Um nach Engelsgrund zu gelangen, musste man einer schmalen Straße folgen, die sich wie ein Gedärm den Berg hochschlängelte, und dann auf einen unscheinbaren Forstweg abbiegen, der an einem massiven Zaun endete, welcher das Grundstück weiträumig umschloss – errichtet von dem neuen Besitzer, der das Anwesen dreizehn Jahre nach der Insolvenz und zu einer Zeit gekauft hatte, als die Natur schon begann, sich die Mauern des ehemaligen Sanatoriums einzuverleiben.

Vor allem in den ersten Jahren hatte es unter den Dorfbewohnern viele Gerüchte über diesen geheimnisvollen Mann gegeben, aber nur wenige gesicherte Erkenntnisse. Sein Name war Maurice Lampert, und er war reich, das war klar. Nach dem Kauf hatte Lampert durch verschiedene Unternehmen umfangreiche Baumaßnahmen durchführen lassen, die sich über Jahre hinzogen, bevor er mit einer Gruppe Frauen und Männer, die er wie ein Fürst um sich geschart hatte, nach Engelsgrund gekommen war.

Bestes Futter für ausufernde Spekulationen. Ein Festmahl für Klatschmäuler.

In den darauffolgenden Jahren sah man die Mitglieder der Gemeinschaft ab und zu in den kleinen Lebensmittelgeschäften der Umgebung beim Einkauf oder auf ihren Arbeitsstellen außerhalb des Anwesens. Es waren freundliche Menschen, die Fremden gegenüber aber stets distanziert blieben. Sie beteiligten sich nicht am sozialen Leben, gingen nicht auf Dorffeste oder in die Kneipen und Lokale der Umgebung. Sie blieben lieber unter sich, und keiner wusste, wie viele es eigentlich waren.

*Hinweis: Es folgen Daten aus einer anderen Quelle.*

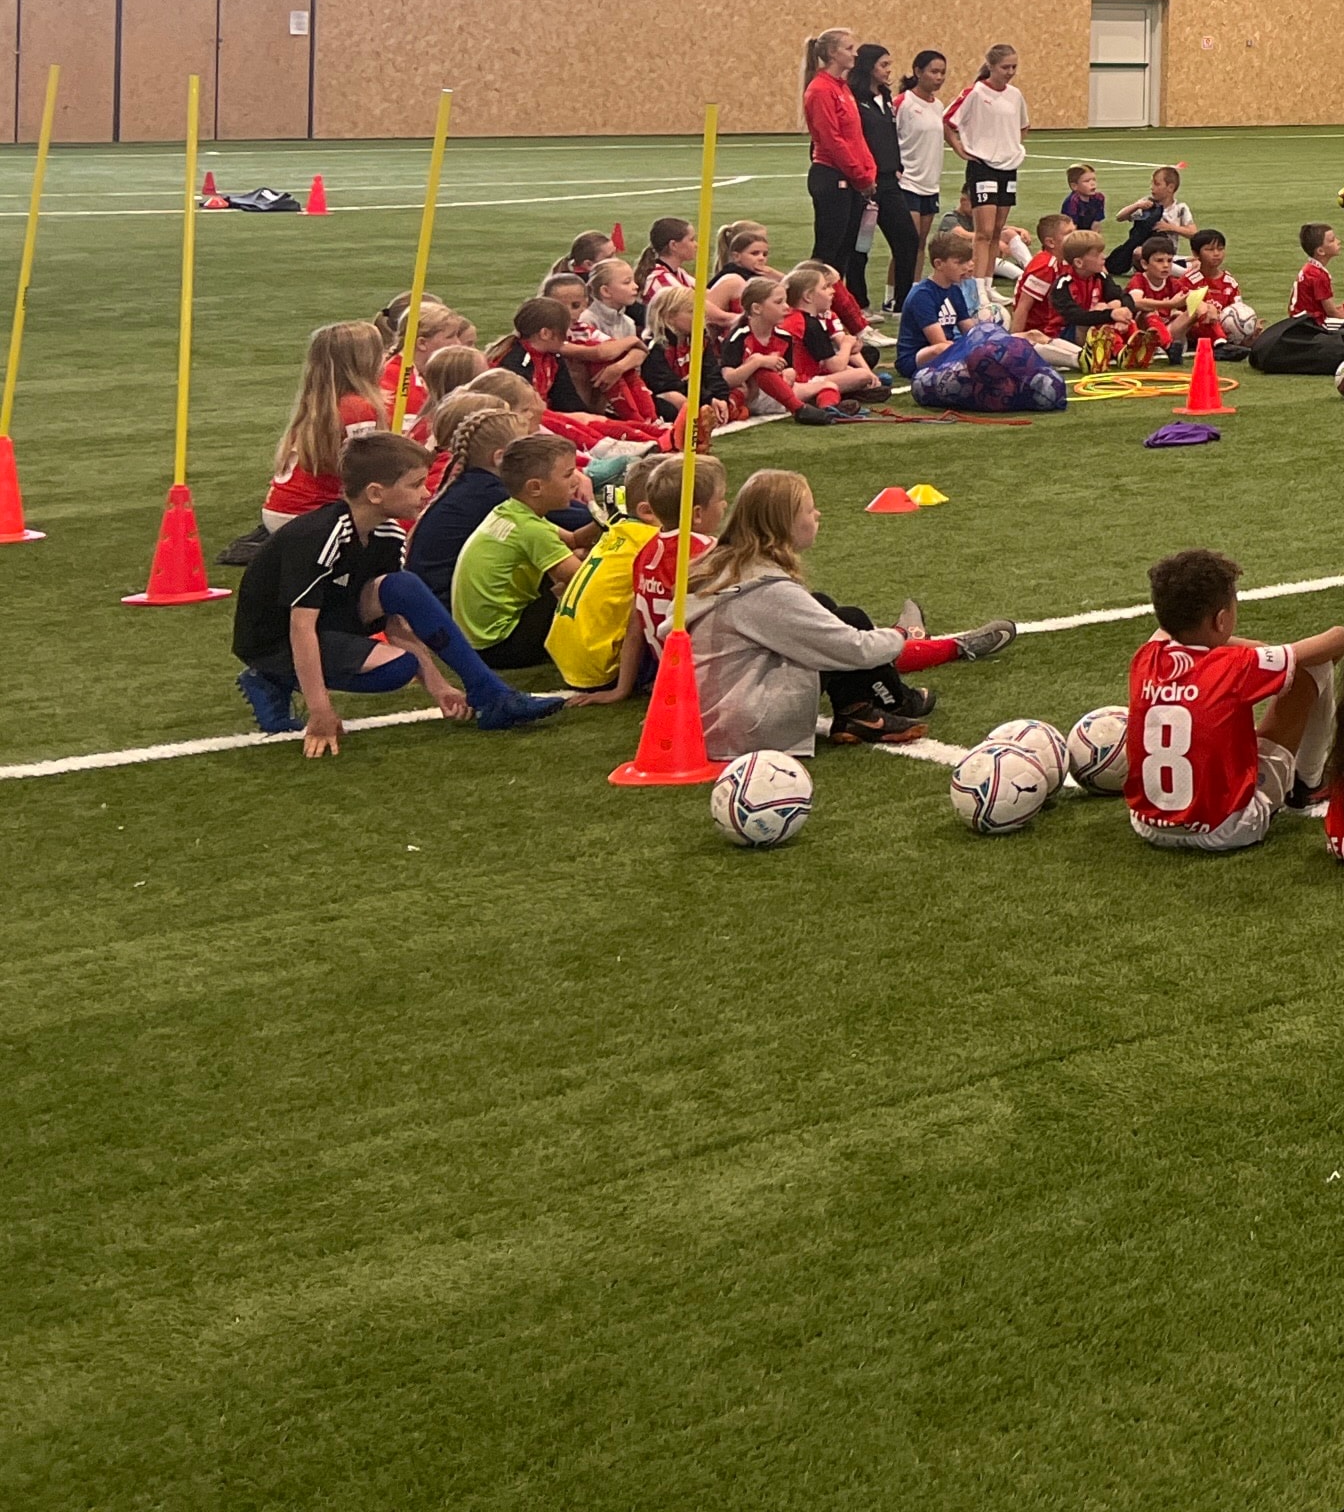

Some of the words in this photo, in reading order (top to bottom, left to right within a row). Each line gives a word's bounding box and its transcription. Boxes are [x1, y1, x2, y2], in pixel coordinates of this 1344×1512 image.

[977, 193, 988, 203] 19
[1141, 678, 1199, 705] Hydro
[1142, 705, 1194, 811] 8

Manche Einheimischen sprachen von dreißig Bewohnern, andere von siebzig. Die eine Hälfte hielt die Hinzugezogenen für eine Sekte und die andere glaubte, es seien lediglich Aussteiger, die sich auf dem Anwesen weitestgehend selbst versorgten. Alles, was man mit Sicherheit wusste, war, wie die Gruppe sich nannte.

Cernunnos.

Es war ein Name, der sonderbar klang und Neugierde weckte, und die Einheimischen brauchten nicht lange, um herauszufinden, woher er eigentlich stammte.

Cernunnos war der lateinische Name einer ursprünglich keltischen Gottheit, die manchmal auch als »der Gehörnte« bezeichnet wurde. Für die Kelten war Cernunnos der Gott der Natur, der Fruchtbarkeit und der Unterwelt, und er war der Herr der Tiere, ihr Schutzpatron. Als solcher wurde er nicht in Tempeln angebetet, sondern in der freien Natur, oftmals auf abgelegenen Waldlichtungen. Nicht wenige Religionsforscher sahen in ihm das Vorbild für die nordische Gottheit Freyr, die zur Zeit der Wikinger einen hohen Stellenwert genoss.

Auf den wenigen Abbildungen, die es von Cernunnos gab, wurde er zumeist als großer, bärtiger Mann dargestellt, der ein Hirschgeweih trug. Seine Aufgabe war es, die Natur zu schützen, ein Mittler zwischen Leben und Tod zu sein, und aus diesem Grund hatte er in den letzten Jahren vor allem unter esoterisch veranlagten Umweltschützern eine Renaissance erlebt.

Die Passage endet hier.